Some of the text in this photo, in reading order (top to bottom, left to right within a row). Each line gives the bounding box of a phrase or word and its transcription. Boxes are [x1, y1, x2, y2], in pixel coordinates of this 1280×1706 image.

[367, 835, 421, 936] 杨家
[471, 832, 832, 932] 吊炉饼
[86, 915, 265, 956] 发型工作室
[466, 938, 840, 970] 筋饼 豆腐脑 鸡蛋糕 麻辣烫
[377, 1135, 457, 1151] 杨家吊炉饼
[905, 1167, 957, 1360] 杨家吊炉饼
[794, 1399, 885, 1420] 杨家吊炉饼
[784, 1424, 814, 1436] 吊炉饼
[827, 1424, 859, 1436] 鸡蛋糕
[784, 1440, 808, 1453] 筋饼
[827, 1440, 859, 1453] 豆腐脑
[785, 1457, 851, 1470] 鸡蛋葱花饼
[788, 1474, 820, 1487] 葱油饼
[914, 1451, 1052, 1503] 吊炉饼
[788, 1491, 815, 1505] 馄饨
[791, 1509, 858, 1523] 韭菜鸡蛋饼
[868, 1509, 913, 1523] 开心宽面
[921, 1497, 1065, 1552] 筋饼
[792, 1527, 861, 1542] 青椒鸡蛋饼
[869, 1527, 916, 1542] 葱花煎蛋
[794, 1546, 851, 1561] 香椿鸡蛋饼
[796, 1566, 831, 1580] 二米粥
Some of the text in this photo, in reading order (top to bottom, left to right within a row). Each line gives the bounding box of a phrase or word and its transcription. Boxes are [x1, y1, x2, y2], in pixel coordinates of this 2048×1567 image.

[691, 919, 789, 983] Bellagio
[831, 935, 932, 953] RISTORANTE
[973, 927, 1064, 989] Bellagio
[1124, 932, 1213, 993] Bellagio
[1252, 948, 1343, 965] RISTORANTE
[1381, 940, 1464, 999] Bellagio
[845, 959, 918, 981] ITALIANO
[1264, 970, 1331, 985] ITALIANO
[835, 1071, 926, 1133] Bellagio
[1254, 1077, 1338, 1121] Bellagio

Task prompt
Go through the listing and write out each line exactly.

Answer box
Some of the text in this photo, in reading order (top to bottom, left to right within a row). Each line gives the bounding box of a phrase or word and its transcription. Boxes are [x1, y1, x2, y2], in pixel coordinates of this 1280×1706 image.

[367, 835, 421, 936] 杨家
[471, 832, 832, 932] 吊炉饼
[86, 915, 265, 956] 发型工作室
[466, 938, 840, 970] 筋饼 豆腐脑 鸡蛋糕 麻辣烫
[377, 1135, 457, 1151] 杨家吊炉饼
[905, 1167, 957, 1360] 杨家吊炉饼
[794, 1399, 885, 1420] 杨家吊炉饼
[784, 1424, 814, 1436] 吊炉饼
[827, 1424, 859, 1436] 鸡蛋糕
[784, 1440, 808, 1453] 筋饼
[827, 1440, 859, 1453] 豆腐脑
[785, 1457, 851, 1470] 鸡蛋葱花饼
[788, 1474, 820, 1487] 葱油饼
[914, 1451, 1052, 1503] 吊炉饼
[788, 1491, 815, 1505] 馄饨
[791, 1509, 858, 1523] 韭菜鸡蛋饼
[868, 1509, 913, 1523] 开心宽面
[921, 1497, 1065, 1552] 筋饼
[792, 1527, 861, 1542] 青椒鸡蛋饼
[869, 1527, 916, 1542] 葱花煎蛋
[794, 1546, 851, 1561] 香椿鸡蛋饼
[796, 1566, 831, 1580] 二米粥
Some of the text in this photo, in reading order (top to bottom, left to right within a row). Each line gives the bounding box of a phrase or word and its transcription. Boxes are [x1, y1, x2, y2], in pixel coordinates of this 2048×1567 image.

[691, 919, 789, 983] Bellagio
[831, 935, 932, 953] RISTORANTE
[973, 927, 1064, 989] Bellagio
[1124, 932, 1213, 993] Bellagio
[1252, 948, 1343, 965] RISTORANTE
[1381, 940, 1464, 999] Bellagio
[845, 959, 918, 981] ITALIANO
[1264, 970, 1331, 985] ITALIANO
[835, 1071, 926, 1133] Bellagio
[1254, 1077, 1338, 1121] Bellagio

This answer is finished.